En cuanto a las autoridades cesantes, resulta relevante la SCP 0142/2012 de 14 de mayo, que estableció que: “… en mérito a la organización del Estado, el orden constitucional y el bloque de legalidad imperante, disciplinan para los diferentes órganos públicos, competencias, atribuciones y potestades públicas que deberán ser ejercidas por los servidores públicos, por lo que en virtud al ejercicio de estos roles, todos los actos u omisiones lesivas a derechos por servidores públicos en el ejercicio de sus funciones, no implican afectaciones a derechos realizadas en ejercicio personal, en consecuencia, la identificación exigida por el art. 77.2 de la LTCP, tiene la finalidad de asegurar el derecho a la defensa y la equidad de la parte demandada, pero en el caso de servidores públicos, la defensa que debe ser garantizada para la parte demandada, no es personal, sino como autoridades que responden a una potestad pública determinada, por tanto, la cesantía de servidores públicos que hayan originado el acto u omisión indebida, no implicará incumplimiento en etapa de admisibilidad de la exigencia plasmada en el art. 77.2 de la LTCP cuando no se identifique el nombre de la nueva autoridad en ejercicio de una determinada función pública, en ese contexto, interpretando esta disposición bajo un criterio favorable a una efectiva tutela constitucional, debe establecerse que este presupuesto se tendrá por cumplido y por ende asegurado el derecho a la igualdad procesal y por supuesto a la defensa de la parte demandada, cuando en la identificación a ser realizada por el accionante, se consigne la identificación del cargo o la función pública en cuyo ejercicio pudieron cometerse actos violatorios o restrictivos a derechos fundamentales; asimismo, para cumplir con la teleología del art. 77.2 de la LTCP, se tendrá por cumplido este presupuesto, cuando además se precise el domicilio asignado para el ejercicio de dicha función pública.
De la misma forma, cuando se tenga cumplida esta exigencia y luego de la admisión de la acción de amparo constitucional, los jueces o tribunales de garantías, en base a los requisitos de identificación antes señalados, deberán asegurar que los actos de comunicación, es decir, las citaciones o notificaciones, aseguren el derecho a la defensa de la autoridad que ejerza esa función pública en ejercicio de la cual se afectaron derechos individuales.
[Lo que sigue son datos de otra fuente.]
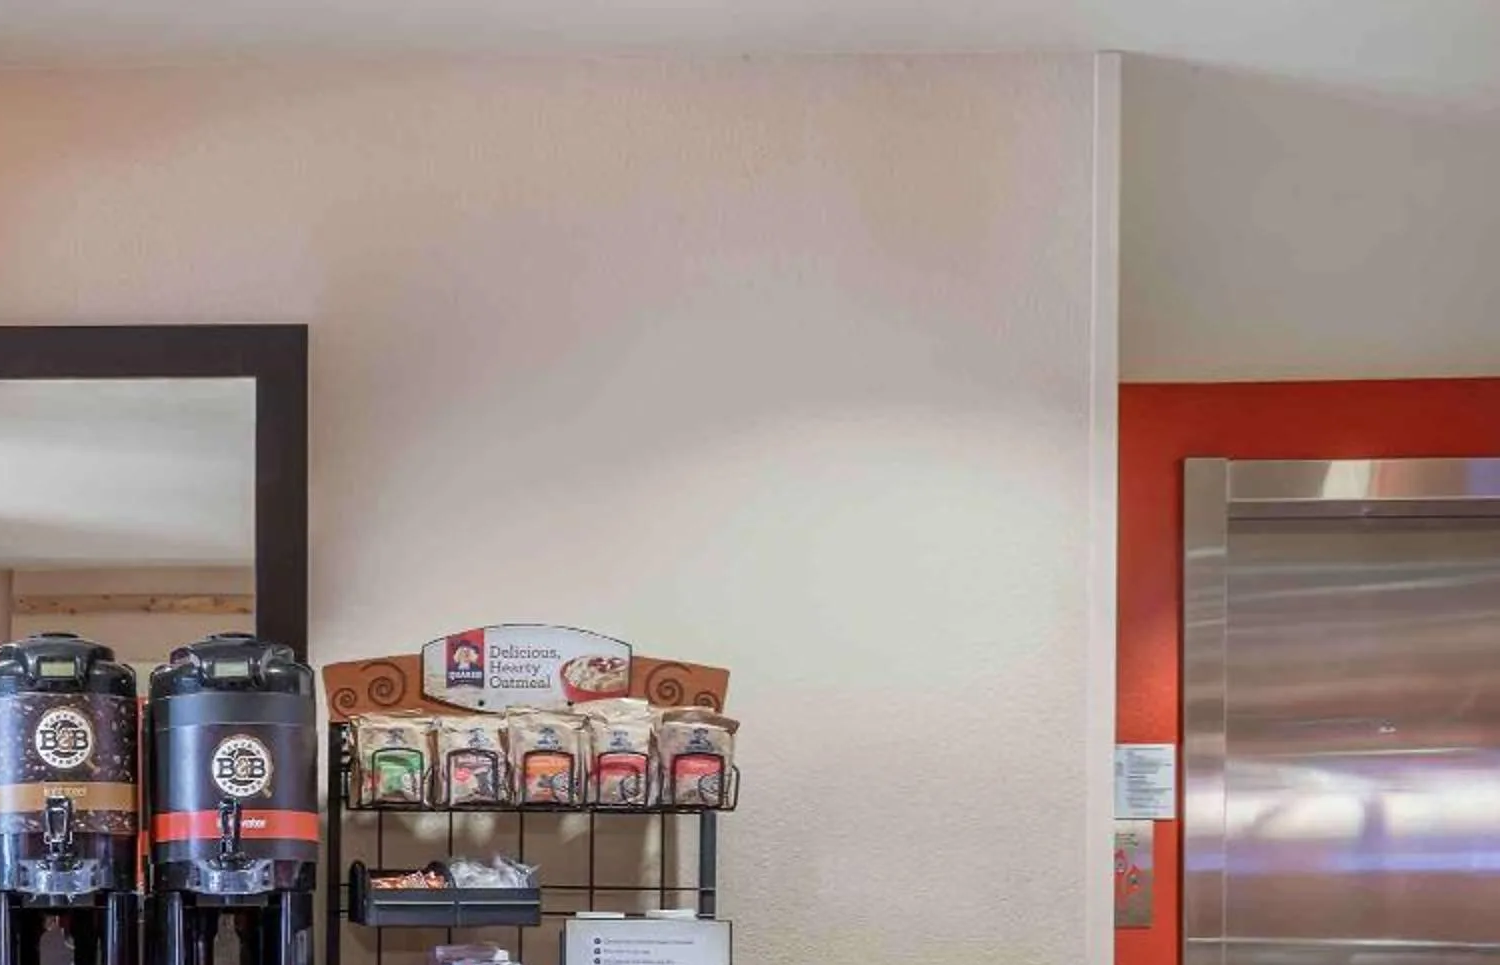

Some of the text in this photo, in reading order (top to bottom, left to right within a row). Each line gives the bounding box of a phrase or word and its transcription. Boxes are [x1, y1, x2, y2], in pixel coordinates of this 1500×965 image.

[489, 645, 561, 660] Delicious,
[489, 660, 540, 676] Hearty
[489, 675, 551, 689] Oatmeal
Debe precisarse también que los postulados expresados, no constituyen óbice para la atribución personal de responsabilidad emergente del ejercicio de la función pública, la cual para los supuestos de vulneraciones a derechos fundamentales en ejercicio de la función pública, emergerá de una eventual concesión total o parcial de tutela constitucional pedida.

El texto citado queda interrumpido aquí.